When I was too young to gather berries myself, down-and-out men, some missing fingers, or an arm, from work in the mines, would come to the door carrying water buckets brimming with blackberries they’d picked in the pitholes, offering them for sale for whatever my mother would give. I do not remember her ever turning them away.
Once, many years later, my son Aaron was 8 or 9, and we were picking along a dirt road that skirts old fields in Ohiopyle State Park. We’d been at it all morning, and were scratched, sunburned and stained purple on the fingers, and likely our lips. But we had a good haul of berries. An expensive sedan came crunching along the road, dust rising in its wake. The car slowed, then stopped, but we could not see the occupants through the tinted glass, which reflected blue sky and white clouds. The passenger window slid downward at a mechanically uniform speed, revealing the face of a young woman, whose sunglasses reflected the same sky that had just disappeared with the window glass. The driver sat silent inside the car’s deep gloom.

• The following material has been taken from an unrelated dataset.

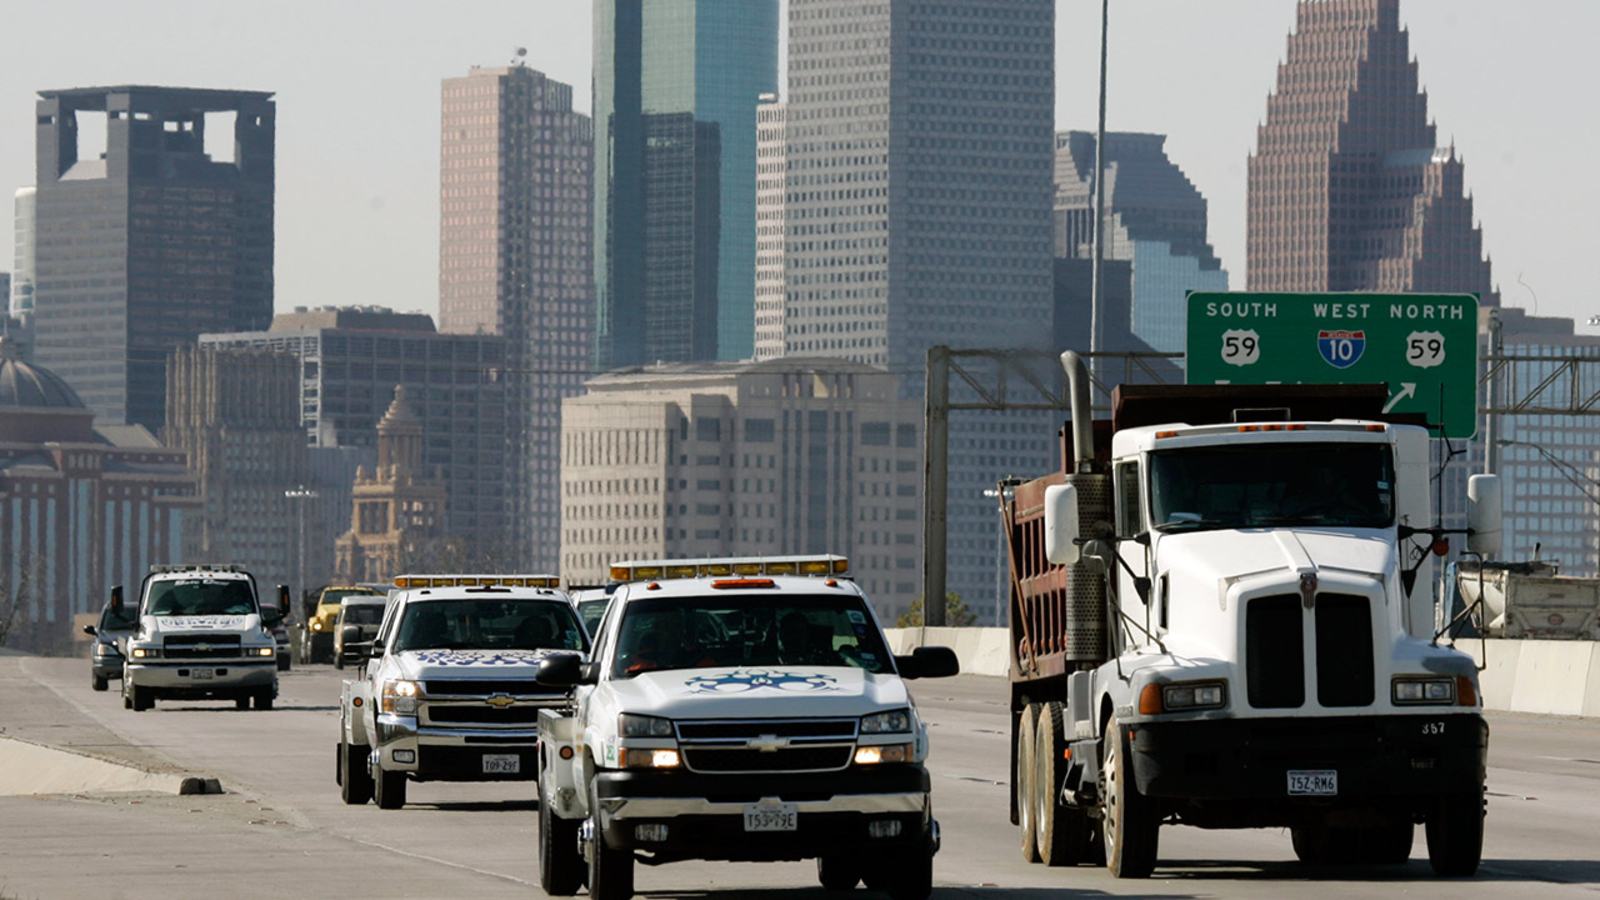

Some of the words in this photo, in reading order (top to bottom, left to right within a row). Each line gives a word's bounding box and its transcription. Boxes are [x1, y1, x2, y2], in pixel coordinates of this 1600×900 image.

“What are you picking?” she asked.
Her question surprised us, and we hesitated.
“Blackberries.”
“Those are poisonous, aren’t they?” she queried.
“No, they’re delicious,” I said, stepping toward the car and extending a palmful of berries for her to sample.
Before I reached her, the window zoomed upward, reflecting again the glare of sky. Tires bit the gravel and the car sped away, spearheading a cone of dust.
I still wonder about that encounter.
When I have filled my buckets after a session of picking, I indulge in a ritual I am willing to confide. I select a dozen or so of the best “specimen” blackberries within reach and cram them all in my mouth at once. Then I face the sun and bite down, smashing them into a mass of blackberry sensory overload — winey, pungent, warm, and tartly sweet. Then I know I have been out among the land at the height of summer, and there’s not much I can do to know this better.
You can buy commercially grown blackberries in grocery stores now. They are large and uniform, nearly as large as “shade berries.” But I think their buyers get a bad deal. No red-tailed hawk screamed overhead at the produce counter, and no monotonous dry buzz of cicadas droned somewhere in the hazy distance. Store berries lack the waxy luster I see on wild fruits, and no heady fragrance lingers on still air. Bought berries to pile onto ice cream yield only a part of the reward of Rubus. The rest of it comes from being out there, piling them into a jug or a bucket, one by one.